What is expected: Every entry that follows should be written out again exactly.
+++ Supplied records +++
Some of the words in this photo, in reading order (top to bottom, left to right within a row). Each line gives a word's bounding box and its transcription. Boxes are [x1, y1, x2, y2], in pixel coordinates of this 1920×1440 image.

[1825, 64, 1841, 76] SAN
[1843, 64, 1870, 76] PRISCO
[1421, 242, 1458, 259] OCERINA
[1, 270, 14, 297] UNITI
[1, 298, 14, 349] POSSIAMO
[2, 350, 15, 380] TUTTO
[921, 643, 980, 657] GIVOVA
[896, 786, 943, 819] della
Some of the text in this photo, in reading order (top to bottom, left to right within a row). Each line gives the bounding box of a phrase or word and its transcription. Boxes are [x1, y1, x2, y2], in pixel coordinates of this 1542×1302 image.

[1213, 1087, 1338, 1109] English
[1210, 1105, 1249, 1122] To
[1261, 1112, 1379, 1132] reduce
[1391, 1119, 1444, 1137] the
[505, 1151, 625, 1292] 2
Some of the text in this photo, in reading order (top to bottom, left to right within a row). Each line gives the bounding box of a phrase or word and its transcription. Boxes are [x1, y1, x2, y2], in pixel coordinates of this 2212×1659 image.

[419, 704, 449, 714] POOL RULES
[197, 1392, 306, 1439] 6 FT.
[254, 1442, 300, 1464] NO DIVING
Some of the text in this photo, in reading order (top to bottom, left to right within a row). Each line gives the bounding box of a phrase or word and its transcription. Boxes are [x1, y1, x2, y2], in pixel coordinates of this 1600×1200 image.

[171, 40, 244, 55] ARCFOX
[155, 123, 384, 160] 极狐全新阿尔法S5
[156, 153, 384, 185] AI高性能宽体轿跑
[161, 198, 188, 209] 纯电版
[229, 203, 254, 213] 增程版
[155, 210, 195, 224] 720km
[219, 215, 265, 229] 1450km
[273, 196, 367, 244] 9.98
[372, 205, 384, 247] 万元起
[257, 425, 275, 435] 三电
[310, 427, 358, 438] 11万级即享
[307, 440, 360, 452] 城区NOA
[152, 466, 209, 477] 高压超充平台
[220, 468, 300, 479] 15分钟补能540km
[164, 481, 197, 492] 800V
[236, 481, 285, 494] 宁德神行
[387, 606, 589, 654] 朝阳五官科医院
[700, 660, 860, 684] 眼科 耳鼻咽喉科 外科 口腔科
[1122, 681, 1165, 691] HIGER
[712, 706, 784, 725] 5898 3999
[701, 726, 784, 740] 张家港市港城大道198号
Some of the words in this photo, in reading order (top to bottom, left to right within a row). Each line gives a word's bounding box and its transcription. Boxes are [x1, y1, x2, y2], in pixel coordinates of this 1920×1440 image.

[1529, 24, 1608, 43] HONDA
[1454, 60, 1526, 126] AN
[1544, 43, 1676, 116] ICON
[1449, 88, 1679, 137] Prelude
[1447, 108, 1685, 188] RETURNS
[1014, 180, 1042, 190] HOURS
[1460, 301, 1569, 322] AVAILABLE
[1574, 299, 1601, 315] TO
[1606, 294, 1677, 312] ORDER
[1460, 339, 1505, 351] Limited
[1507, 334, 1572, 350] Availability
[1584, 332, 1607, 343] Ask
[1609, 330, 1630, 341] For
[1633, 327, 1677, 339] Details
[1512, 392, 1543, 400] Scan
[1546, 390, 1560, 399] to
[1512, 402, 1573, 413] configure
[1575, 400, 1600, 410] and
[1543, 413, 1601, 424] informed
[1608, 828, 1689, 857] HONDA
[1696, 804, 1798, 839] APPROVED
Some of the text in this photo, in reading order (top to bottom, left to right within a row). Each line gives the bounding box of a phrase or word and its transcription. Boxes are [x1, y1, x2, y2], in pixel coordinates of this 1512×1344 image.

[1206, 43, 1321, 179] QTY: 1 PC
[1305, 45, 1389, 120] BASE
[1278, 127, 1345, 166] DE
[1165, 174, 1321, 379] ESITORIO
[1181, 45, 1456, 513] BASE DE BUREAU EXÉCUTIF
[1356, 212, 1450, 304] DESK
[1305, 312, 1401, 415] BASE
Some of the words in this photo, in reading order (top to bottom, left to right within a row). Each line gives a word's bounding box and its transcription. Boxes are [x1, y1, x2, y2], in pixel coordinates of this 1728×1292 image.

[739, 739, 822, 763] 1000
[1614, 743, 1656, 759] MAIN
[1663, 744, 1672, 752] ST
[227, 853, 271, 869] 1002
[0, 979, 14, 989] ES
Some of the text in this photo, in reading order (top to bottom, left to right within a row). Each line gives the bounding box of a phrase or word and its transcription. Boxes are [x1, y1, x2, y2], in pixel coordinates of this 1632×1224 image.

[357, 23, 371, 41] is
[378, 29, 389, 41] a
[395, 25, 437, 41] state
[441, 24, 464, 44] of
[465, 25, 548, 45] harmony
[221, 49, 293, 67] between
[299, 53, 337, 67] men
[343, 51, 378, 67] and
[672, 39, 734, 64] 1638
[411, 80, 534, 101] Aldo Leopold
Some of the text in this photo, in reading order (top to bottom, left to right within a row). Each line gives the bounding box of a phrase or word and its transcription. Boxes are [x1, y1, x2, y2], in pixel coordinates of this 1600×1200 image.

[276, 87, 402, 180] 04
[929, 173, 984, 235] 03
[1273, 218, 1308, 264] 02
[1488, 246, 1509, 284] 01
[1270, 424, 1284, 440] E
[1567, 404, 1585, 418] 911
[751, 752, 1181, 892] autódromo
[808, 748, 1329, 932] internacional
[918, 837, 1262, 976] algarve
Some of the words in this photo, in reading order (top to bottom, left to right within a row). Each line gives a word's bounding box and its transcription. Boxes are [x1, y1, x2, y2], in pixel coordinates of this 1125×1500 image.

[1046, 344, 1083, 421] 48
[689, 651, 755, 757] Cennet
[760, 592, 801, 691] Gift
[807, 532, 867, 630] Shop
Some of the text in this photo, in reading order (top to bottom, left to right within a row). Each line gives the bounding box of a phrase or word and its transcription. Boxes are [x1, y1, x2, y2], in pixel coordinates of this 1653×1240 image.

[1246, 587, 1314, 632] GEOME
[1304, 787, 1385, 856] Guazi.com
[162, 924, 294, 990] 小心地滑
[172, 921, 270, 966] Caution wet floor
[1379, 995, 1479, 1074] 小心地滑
+++
Written solution:
Some of the words in this photo, in reading order (top to bottom, left to right within a row). Each line gives a word's bounding box and its transcription. Boxes are [x1, y1, x2, y2], in pixel coordinates of this 1920×1440 image.

[1825, 64, 1841, 76] SAN
[1843, 64, 1870, 76] PRISCO
[1421, 242, 1458, 259] OCERINA
[1, 270, 14, 297] UNITI
[1, 298, 14, 349] POSSIAMO
[2, 350, 15, 380] TUTTO
[921, 643, 980, 657] GIVOVA
[896, 786, 943, 819] della
Some of the text in this photo, in reading order (top to bottom, left to right within a row). Each line gives the bounding box of a phrase or word and its transcription. Boxes are [x1, y1, x2, y2], in pixel coordinates of this 1542×1302 image.

[1213, 1087, 1338, 1109] English
[1210, 1105, 1249, 1122] To
[1261, 1112, 1379, 1132] reduce
[1391, 1119, 1444, 1137] the
[505, 1151, 625, 1292] 2
Some of the text in this photo, in reading order (top to bottom, left to right within a row). Each line gives the bounding box of a phrase or word and its transcription. Boxes are [x1, y1, x2, y2], in pixel coordinates of this 2212×1659 image.

[419, 704, 449, 714] POOL RULES
[197, 1392, 306, 1439] 6 FT.
[254, 1442, 300, 1464] NO DIVING
Some of the text in this photo, in reading order (top to bottom, left to right within a row). Each line gives the bounding box of a phrase or word and its transcription. Boxes are [x1, y1, x2, y2], in pixel coordinates of this 1600×1200 image.

[171, 40, 244, 55] ARCFOX
[155, 123, 384, 160] 极狐全新阿尔法S5
[156, 153, 384, 185] AI高性能宽体轿跑
[161, 198, 188, 209] 纯电版
[229, 203, 254, 213] 增程版
[155, 210, 195, 224] 720km
[219, 215, 265, 229] 1450km
[273, 196, 367, 244] 9.98
[372, 205, 384, 247] 万元起
[257, 425, 275, 435] 三电
[310, 427, 358, 438] 11万级即享
[307, 440, 360, 452] 城区NOA
[152, 466, 209, 477] 高压超充平台
[220, 468, 300, 479] 15分钟补能540km
[164, 481, 197, 492] 800V
[236, 481, 285, 494] 宁德神行
[387, 606, 589, 654] 朝阳五官科医院
[700, 660, 860, 684] 眼科 耳鼻咽喉科 外科 口腔科
[1122, 681, 1165, 691] HIGER
[712, 706, 784, 725] 5898 3999
[701, 726, 784, 740] 张家港市港城大道198号
Some of the words in this photo, in reading order (top to bottom, left to right within a row). Each line gives a word's bounding box and its transcription. Boxes are [x1, y1, x2, y2], in pixel coordinates of this 1920×1440 image.

[1529, 24, 1608, 43] HONDA
[1454, 60, 1526, 126] AN
[1544, 43, 1676, 116] ICON
[1449, 88, 1679, 137] Prelude
[1447, 108, 1685, 188] RETURNS
[1014, 180, 1042, 190] HOURS
[1460, 301, 1569, 322] AVAILABLE
[1574, 299, 1601, 315] TO
[1606, 294, 1677, 312] ORDER
[1460, 339, 1505, 351] Limited
[1507, 334, 1572, 350] Availability
[1584, 332, 1607, 343] Ask
[1609, 330, 1630, 341] For
[1633, 327, 1677, 339] Details
[1512, 392, 1543, 400] Scan
[1546, 390, 1560, 399] to
[1512, 402, 1573, 413] configure
[1575, 400, 1600, 410] and
[1543, 413, 1601, 424] informed
[1608, 828, 1689, 857] HONDA
[1696, 804, 1798, 839] APPROVED
Some of the text in this photo, in reading order (top to bottom, left to right within a row). Each line gives the bounding box of a phrase or word and its transcription. Boxes are [x1, y1, x2, y2], in pixel coordinates of this 1512×1344 image.

[1206, 43, 1321, 179] QTY: 1 PC
[1305, 45, 1389, 120] BASE
[1278, 127, 1345, 166] DE
[1165, 174, 1321, 379] ESITORIO
[1181, 45, 1456, 513] BASE DE BUREAU EXÉCUTIF
[1356, 212, 1450, 304] DESK
[1305, 312, 1401, 415] BASE
Some of the words in this photo, in reading order (top to bottom, left to right within a row). Each line gives a word's bounding box and its transcription. Boxes are [x1, y1, x2, y2], in pixel coordinates of this 1728×1292 image.

[739, 739, 822, 763] 1000
[1614, 743, 1656, 759] MAIN
[1663, 744, 1672, 752] ST
[227, 853, 271, 869] 1002
[0, 979, 14, 989] ES
Some of the text in this photo, in reading order (top to bottom, left to right within a row). Each line gives the bounding box of a phrase or word and its transcription. Boxes are [x1, y1, x2, y2], in pixel coordinates of this 1632×1224 image.

[357, 23, 371, 41] is
[378, 29, 389, 41] a
[395, 25, 437, 41] state
[441, 24, 464, 44] of
[465, 25, 548, 45] harmony
[221, 49, 293, 67] between
[299, 53, 337, 67] men
[343, 51, 378, 67] and
[672, 39, 734, 64] 1638
[411, 80, 534, 101] Aldo Leopold
Some of the text in this photo, in reading order (top to bottom, left to right within a row). Each line gives the bounding box of a phrase or word and its transcription. Boxes are [x1, y1, x2, y2], in pixel coordinates of this 1600×1200 image.

[276, 87, 402, 180] 04
[929, 173, 984, 235] 03
[1273, 218, 1308, 264] 02
[1488, 246, 1509, 284] 01
[1270, 424, 1284, 440] E
[1567, 404, 1585, 418] 911
[751, 752, 1181, 892] autódromo
[808, 748, 1329, 932] internacional
[918, 837, 1262, 976] algarve
Some of the words in this photo, in reading order (top to bottom, left to right within a row). Each line gives a word's bounding box and its transcription. Boxes are [x1, y1, x2, y2], in pixel coordinates of this 1125×1500 image.

[1046, 344, 1083, 421] 48
[689, 651, 755, 757] Cennet
[760, 592, 801, 691] Gift
[807, 532, 867, 630] Shop
Some of the text in this photo, in reading order (top to bottom, left to right within a row). Each line gives the bounding box of a phrase or word and its transcription. Boxes are [x1, y1, x2, y2], in pixel coordinates of this 1653×1240 image.

[1246, 587, 1314, 632] GEOME
[1304, 787, 1385, 856] Guazi.com
[162, 924, 294, 990] 小心地滑
[172, 921, 270, 966] Caution wet floor
[1379, 995, 1479, 1074] 小心地滑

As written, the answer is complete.